═════ DATA PROVIDED ═════
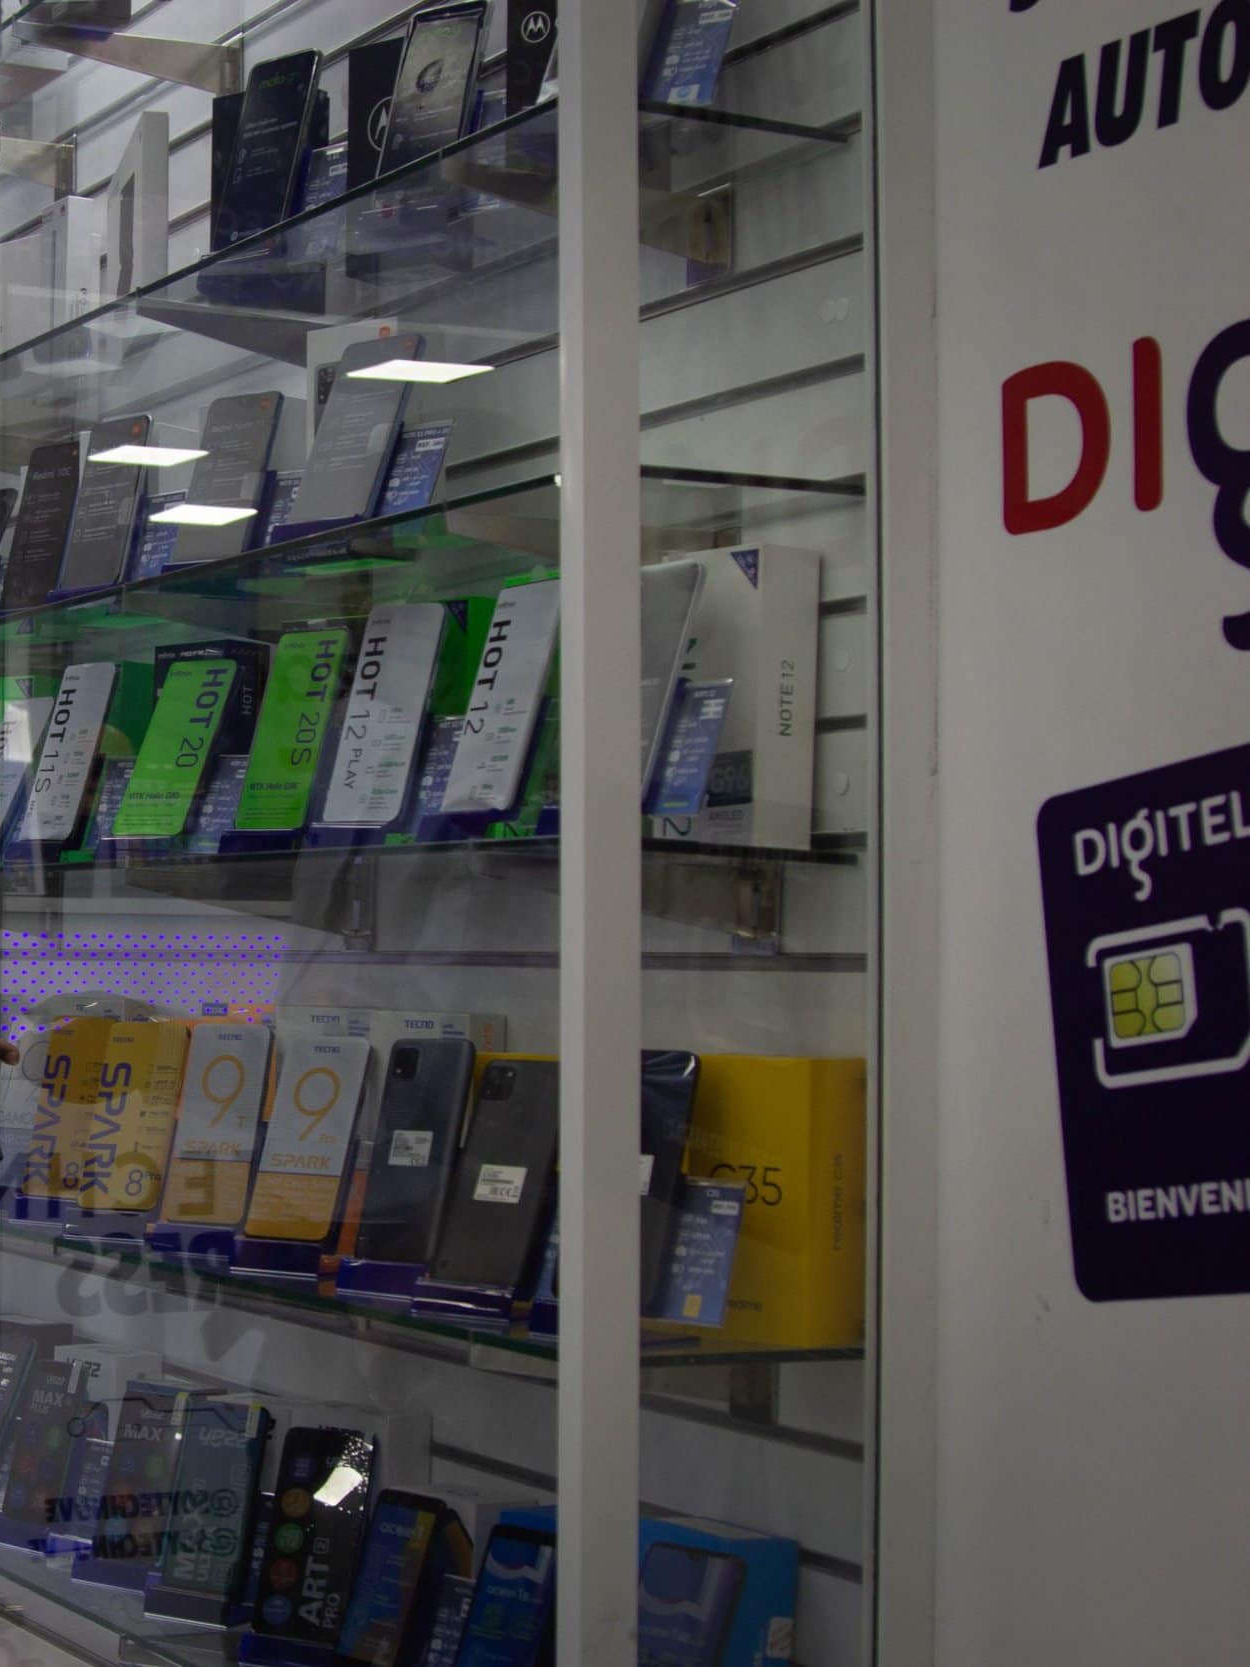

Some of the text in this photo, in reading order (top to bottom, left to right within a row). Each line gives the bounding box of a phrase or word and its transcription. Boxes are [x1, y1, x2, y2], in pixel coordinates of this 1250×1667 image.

[1038, 0, 1250, 169] AUTO
[189, 668, 229, 728] HOT
[290, 638, 338, 766] HOT 20S
[343, 636, 387, 789] HOT 12 PLAY
[463, 619, 511, 736] HOT 12
[778, 660, 795, 737] NOTE 12
[49, 688, 77, 743] HOT
[175, 737, 205, 768] 20
[34, 751, 60, 793] 11S
[1073, 790, 1250, 902] DIGITEL
[23, 1054, 72, 1186] SPARK
[79, 1061, 132, 1195] SPARK
[202, 1054, 245, 1129] 9
[293, 1066, 341, 1142] 9
[125, 1169, 143, 1196] 8
[270, 1152, 331, 1170] SPARK
[124, 1423, 163, 1441] MAX
[298, 1556, 330, 1627] ART
[324, 1593, 342, 1629] PRO
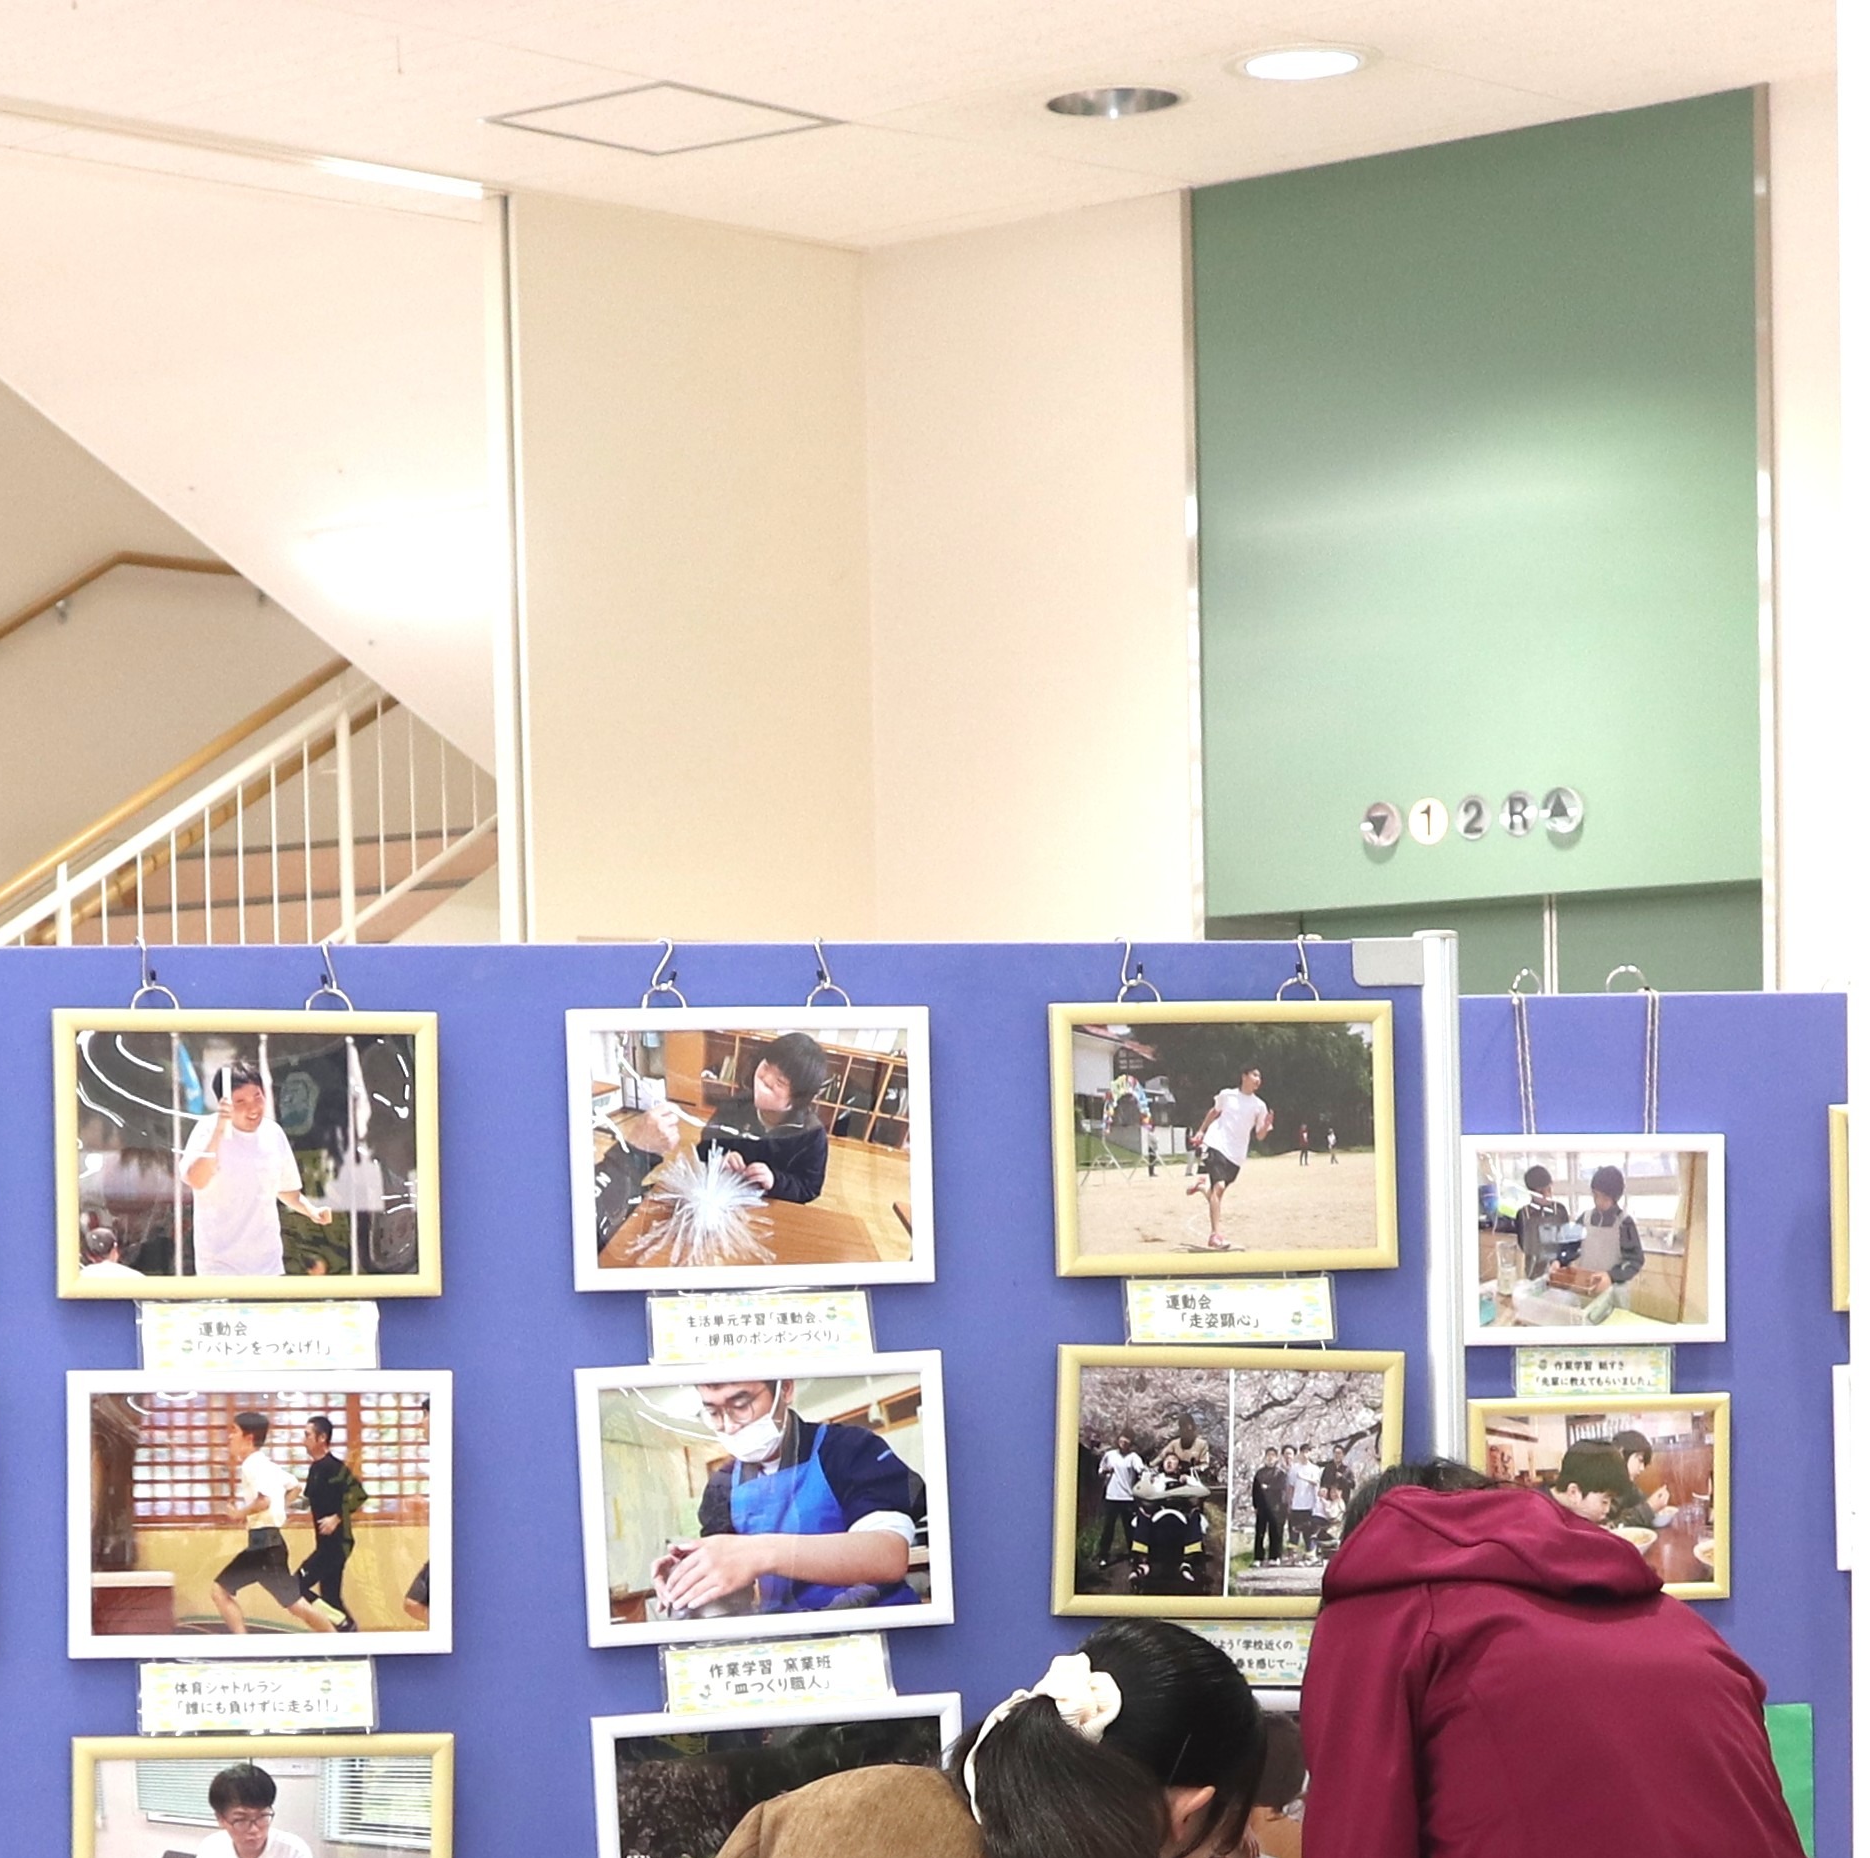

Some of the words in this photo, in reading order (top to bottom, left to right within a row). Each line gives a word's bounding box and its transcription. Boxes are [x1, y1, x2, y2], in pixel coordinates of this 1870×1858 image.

[1420, 804, 1432, 836] 1
[1463, 800, 1483, 834] 2
[1509, 797, 1529, 830] R
[1166, 1294, 1211, 1310] 運動会
[198, 1321, 249, 1337] 運動会
[709, 1659, 774, 1680] 作業学習
[783, 1655, 833, 1674] 窯業班
[174, 1680, 282, 1696] 体育シャトルラン
[725, 1675, 831, 1695] 「皿つくり職人」
═════
### THE PROBLEM
From the line containing "Some of the words" down to the last line of the data above, copy every line exactly; leave out all other lines.

### RESULT OF THE EXERCISE
Some of the words in this photo, in reading order (top to bottom, left to right within a row). Each line gives a word's bounding box and its transcription. Boxes are [x1, y1, x2, y2], in pixel coordinates of this 1870×1858 image.

[1420, 804, 1432, 836] 1
[1463, 800, 1483, 834] 2
[1509, 797, 1529, 830] R
[1166, 1294, 1211, 1310] 運動会
[198, 1321, 249, 1337] 運動会
[709, 1659, 774, 1680] 作業学習
[783, 1655, 833, 1674] 窯業班
[174, 1680, 282, 1696] 体育シャトルラン
[725, 1675, 831, 1695] 「皿つくり職人」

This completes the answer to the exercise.